There was a fine line of crimson stained across his palm.
 
He wiped it on his pants only to see a dozen of the other men standing nearby looking at him.
 
He spun to look down the embankment.
 
Ruth lowered her gaze and concentrated on washing his shirt.

 

***

 

The waters of the Wabash were stinking and felt hot against Haienwa'tha's stomach as he waded through it, keeping his arrow fitted in his bow and ready to fire.
 
Bugs stung his eyes.
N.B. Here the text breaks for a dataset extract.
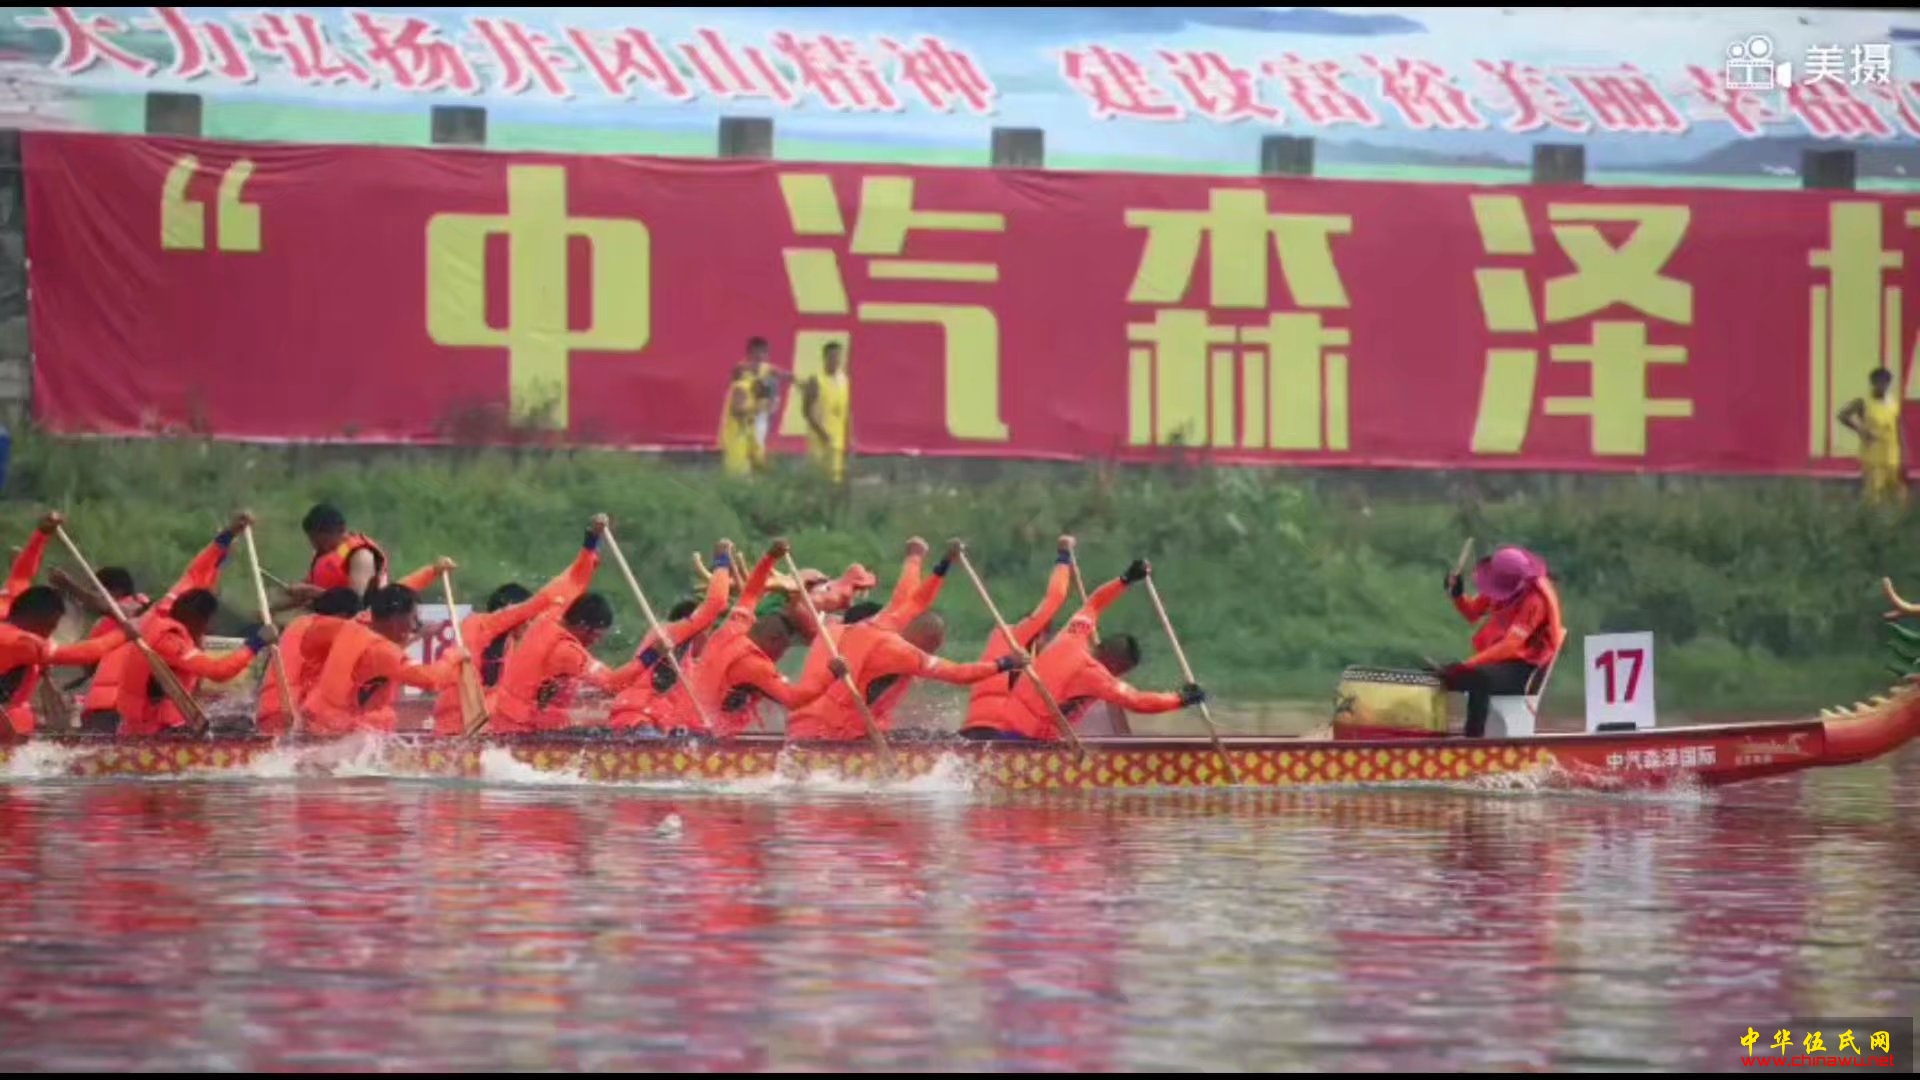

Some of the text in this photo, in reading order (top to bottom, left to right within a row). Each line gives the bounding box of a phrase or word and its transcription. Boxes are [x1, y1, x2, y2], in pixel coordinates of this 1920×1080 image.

Fish and snakes and other unseen things slithered past him under the water's dark surface as he crept closer toward the campsite.
 
He walked gently over jagged rocks as if they were soft cushions, but when his toes squished into a bed of black river mud, he stopped and scooped up a handful to inspect it.
 

 

It smelled like sulfur and sparkled with sediment, but as he smeared it over his arms, it stuck.
 
He quickly rubbed it on his face and neck and the rest of his torso until none of his skin showed through.
 
The sun's intense heat started to bake the layer of mud onto him immediately and even though it cracked and flaked as he moved, it left him nearly imperceptible from the water.
 

 

A noise made him stop suddenly and lower himself down to his chin.
 
He saw a white woman ahead standing in the water up to her knees, washing clothes.
 
This is just another hunt,
he told himself.
 
She is just another animal.
 
Do it.
 

 

The woman suddenly looked up at him and Haienwa'tha froze.
 
She did not make a sound.
 
Her only movement was that she closed her eyes and clasped her hands together.
 

 

"Hey, you gonna take all day with them shirts or what?"

 

Haienwa'tha stood up from the water at the sight of the wasichu walking up behind the woman and yanked his bow string back.
 
The man's jaw fell open and the long blade of grass he was chewing on fell out of his mouth.
 
Haienwa'tha's arrow sailed over the woman's head and struck the man in the throat, turning his cry for help into a bubbling gurgle.
 
The wasichu regurgitated blood down the front of his shirt and reached up to touch the arrow's shaft with his fingers just before he fell flat on the beach.